You are the manager of a successful software development company. Every morning, you pass through the office on the way to grab your morning cup of coffee, and every day one particular employee says hello and asks you about your day, let’s call them Ben. Ben works in the accounting department and he’s always up for taking on new challenges. On top of that, he always has a big smile on his face and seems to have a genuine care for everyone in the office. Last year, he even organized a surprise brownie sundae party for your birthday in the breakroom. What an all around great guy!
Fast forward to a few weeks later. You come to find out that there have been some discrepancies in the company books. They’re mostly small, too small to notice at first, but they add up to a huge deficit in your profit margins. This is, of course, distressing news!
After some investigation, you’re able to track the issue back to Ben. You think to yourself, “That’s strange. He must have an explanation! Ben’s such a nice guy, there’s no way he could be involved in something like this. He’s always so nice and enthusiastic!”
But stop and consider! You’re might be falling into the trap of the halo effect! You’re allowing your positive feelings to shape your overall perspective. Ben has always been friendly around the office, so you consider him to be an all around good and ethical person. But friendly doesn’t necessarily mean ethical. Just because someone has one or even a few good qualities, it doesn’t mean they are halo worthy. We’re all only human after all!
The moral of the story here isn’t to distrust the people around you, but rather, it’s to remember to look at all the facts before making a judgement or a decision about someone. Before you make a move, ask yourself, have I considered the complete picture?
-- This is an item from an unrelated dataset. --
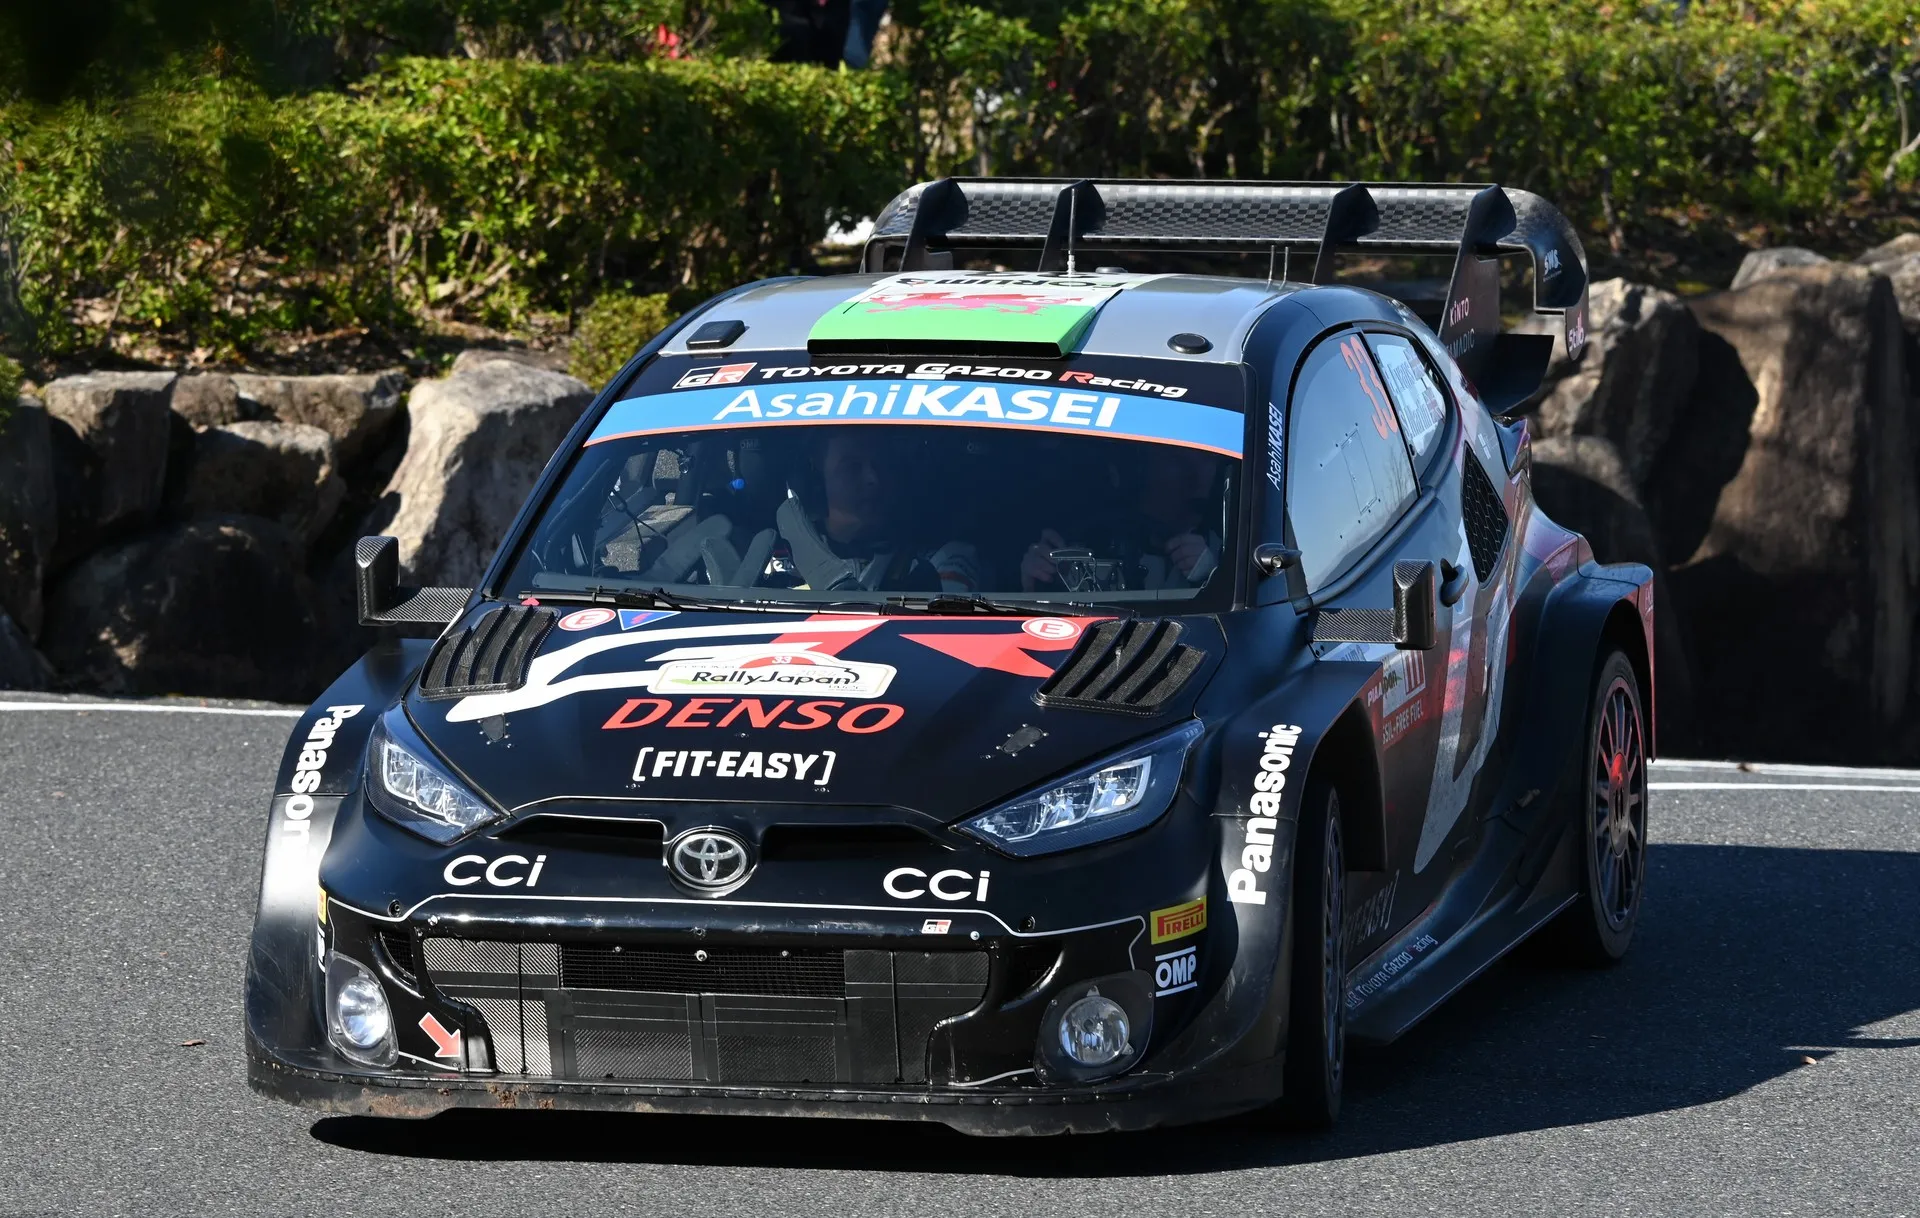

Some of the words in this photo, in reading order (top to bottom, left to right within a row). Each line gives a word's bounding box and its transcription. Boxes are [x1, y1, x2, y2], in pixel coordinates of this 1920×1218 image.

Or am I making an overall judgement based on one positive quality?
Engaging mindfully means taking the time to slow down, reflect and consider.
Questions to ask yourself:
- Have I considered the complete picture?
- What do I believe to be true about this person or organization?
- What do I know to be true about this person or organization?
- Which of my beliefs can I validate with what I know?
- Am I making an overall judgement based on one positive quality?
?And remember to always be less certain and more curious!